To enter the UDF, <alt-F11> opens the VB Editor.

Ensure your project is highlighted in the Project Explorer window, then
Insert/Module and paste the code below into the window that opens.

To use this UDF, enter =ExtrNums(cell_ref) into some cell.

===============================
Option Explicit

Function ExtrNums(str As String)
Dim re As Object
Set re = CreateObject("VBScript.RegExp")
re.Global = True
re.Pattern = "\D"
ExtrNums = re.Replace(str, "")
End Function
================================


--ron

 

[Guest]

hi Mike,
it just removes dash "-" from string!! not letters.

 

[Guest]

thank you so much.that's great!!!!!!!!!!

You can use a UDF.

To enter the UDF, <alt-F11> opens the VB Editor.

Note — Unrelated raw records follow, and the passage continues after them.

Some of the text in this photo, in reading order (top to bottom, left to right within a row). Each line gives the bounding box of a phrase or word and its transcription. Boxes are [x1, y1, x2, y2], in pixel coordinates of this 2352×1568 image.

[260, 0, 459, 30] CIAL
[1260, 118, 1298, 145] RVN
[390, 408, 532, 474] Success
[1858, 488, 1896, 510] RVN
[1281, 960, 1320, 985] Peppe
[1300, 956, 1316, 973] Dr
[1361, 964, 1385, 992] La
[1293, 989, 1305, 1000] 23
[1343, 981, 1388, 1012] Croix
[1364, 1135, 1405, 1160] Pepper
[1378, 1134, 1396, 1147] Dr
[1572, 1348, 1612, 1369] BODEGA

Ensure your project is highlighted in the Project Explorer window, then
Insert/Module and paste the code below into the window that opens.

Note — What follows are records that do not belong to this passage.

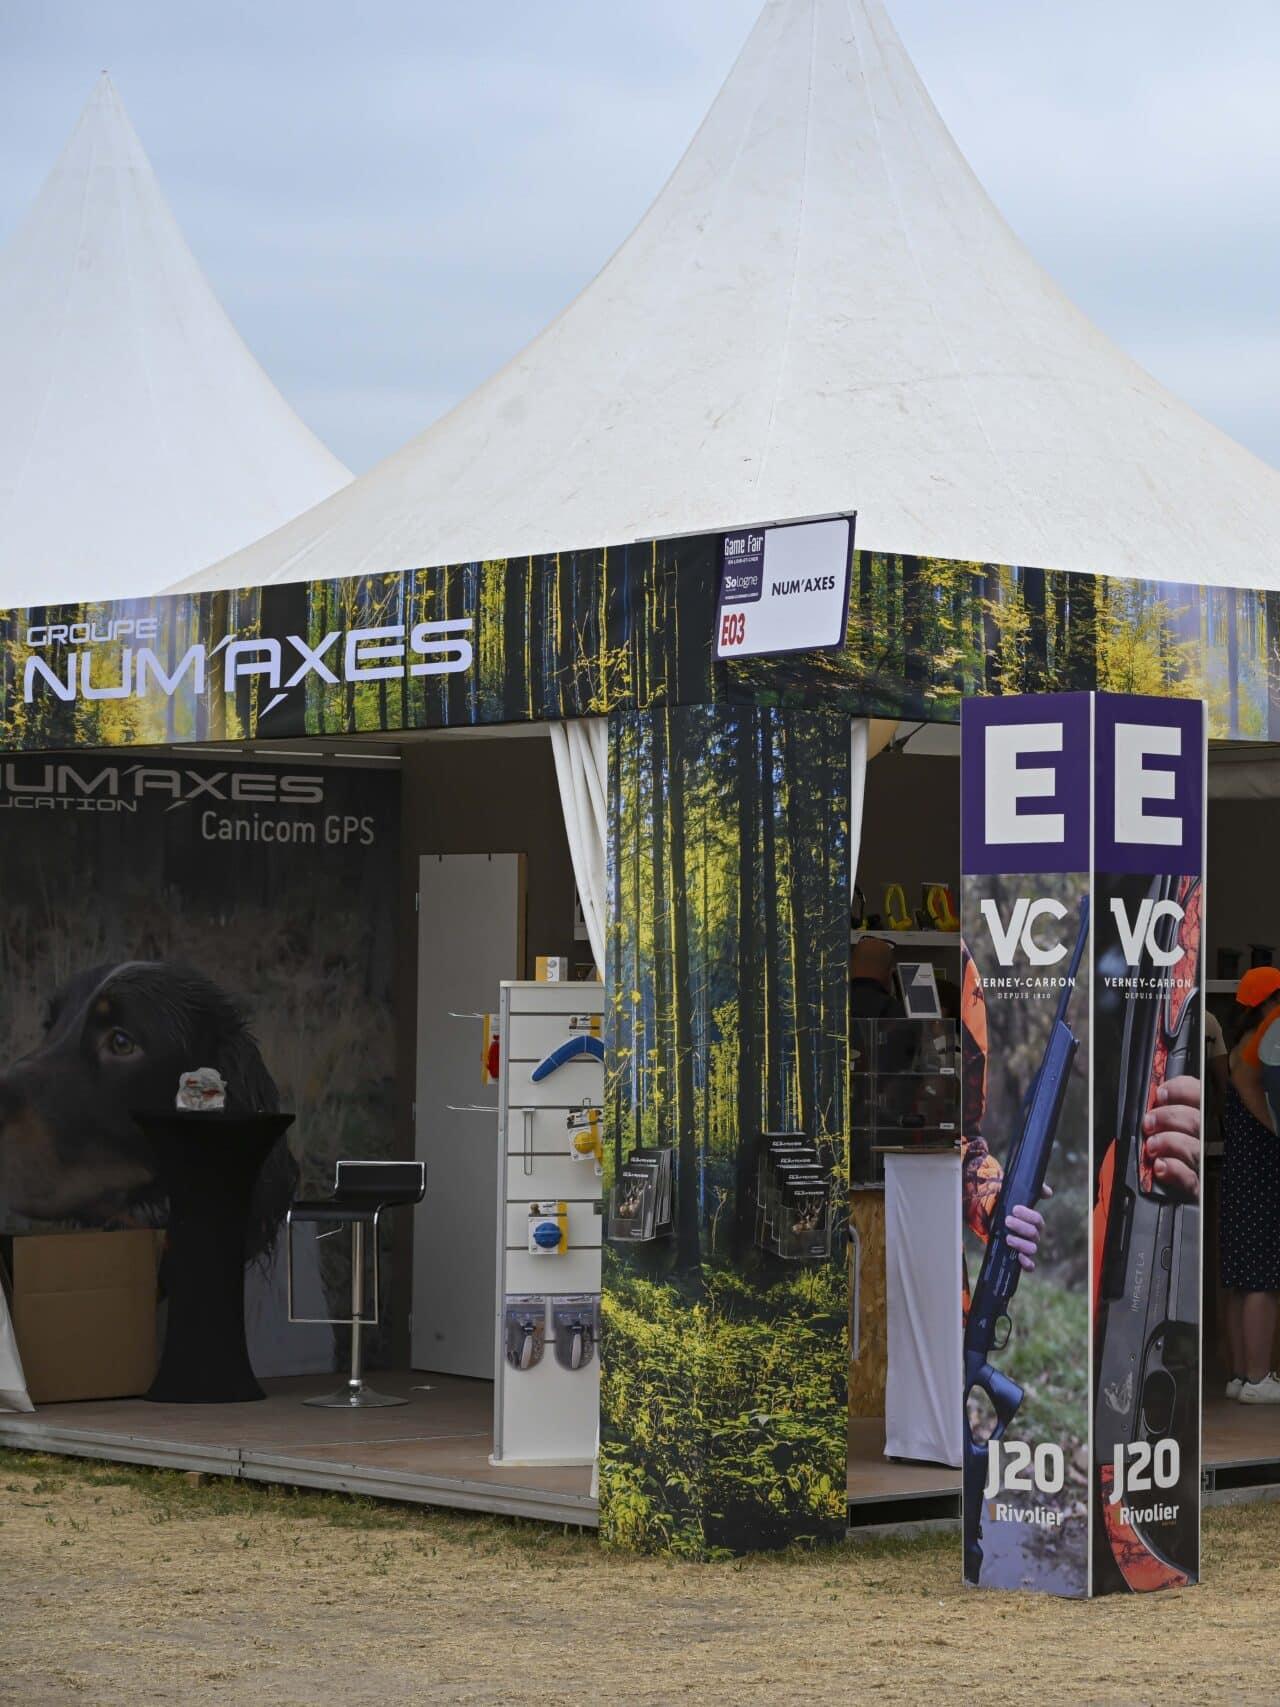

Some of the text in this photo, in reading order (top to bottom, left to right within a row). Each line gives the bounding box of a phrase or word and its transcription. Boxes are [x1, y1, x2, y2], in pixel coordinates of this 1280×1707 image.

[724, 534, 764, 556] Game Fair
[771, 575, 836, 597] NUM'AXES
[26, 617, 159, 648] GROUPE
[720, 612, 746, 647] E03
[23, 617, 474, 704] NUM'AXES
[0, 763, 325, 804] UM'AXES
[984, 721, 1065, 845] E
[1113, 722, 1183, 846] E
[201, 810, 375, 845] Canicom GPS
[980, 897, 1069, 967] VC
[1109, 897, 1186, 967] VC
[974, 976, 1077, 988] VERNEY-CARRON
[997, 992, 1029, 1000] DEPUIS
[1103, 976, 1192, 989] VERNEY-CARRON
[983, 1439, 1065, 1500] J20
[1108, 1438, 1181, 1505] J20
[995, 1503, 1064, 1527] Rivolier
[1119, 1503, 1180, 1526] Rivolier

To use this UDF, enter =ExtrNums(cell_ref) into some cell.

===============================
Option Explicit

Function ExtrNums(str As String)
Dim re As Object
Set re = CreateObject("VBScript.RegExp")
re.Global = True
re.Pattern = "\D"
ExtrNums = re.Replace(str, "")
End Function
================================


--ron

 

[Guest]

Another way.

I'm a bit cofused why the previous method only removed th dash but try this

Sub anotherway()
For Each cell In Selection
For a = 1 To Len(cell)
Select Case Mid(cell, a, 1)
Case "0" To "9"
newstring = newstring & Mid(cell, a, 1)
End Select
Next a
cell.Value = newstring
ActiveCell.NumberFormat = "General"
newstring = ""
Next cell
End Sub

Mike

 

[Guest]

thanx mike,it works.I really appreciate it.

Another way.

I'm a bit cofused why the previous method only removed th dash but try this

Sub anotherway()
For Each cell In Selection
For a = 1 To Len(cell)
Select Case Mid(cell, a, 1)
Case "0" To "9"
newstring = newstring & Mid(cell, a, 1)
End Select
Next a
cell.Value = newstring
ActiveCell.NumberFormat = "General"
newstring = ""
Next cell
End Sub

Mike

 

[Guest]

Ron,

Excellent. any chance of a quick rundown on how it works or a web reference
please?

Mike H

 

[Ron Rosenfeld]

With a macro:-

Sub removeletters()
For Each cell In Selection
For a = 1 To Len(cell)
If Asc(Mid(cell, a, 1)) > 47 And Asc(Mid(cell, a, 1)) < 59 Or _
Asc(Mid(cell, a, 1)) > 64 And Asc(Mid(cell, a, 1)) < 91 Then _
newstring = newstring & Mid(cell, a, 1)
Next
cell.Value = newstring
ActiveCell.NumberFormat = "General"
newstring = ""
Next
End Sub

Your For/Next loop can be simplified:


For a = 1 To Len(cell)
If Mid(cell, a, 1) Like "#" Then
newstring = newstring & Mid(cell, a, 1)
End If
Next


--ron

 

[Ron Rosenfeld]

You're welcome. Glad to help. Thanks for the feedback.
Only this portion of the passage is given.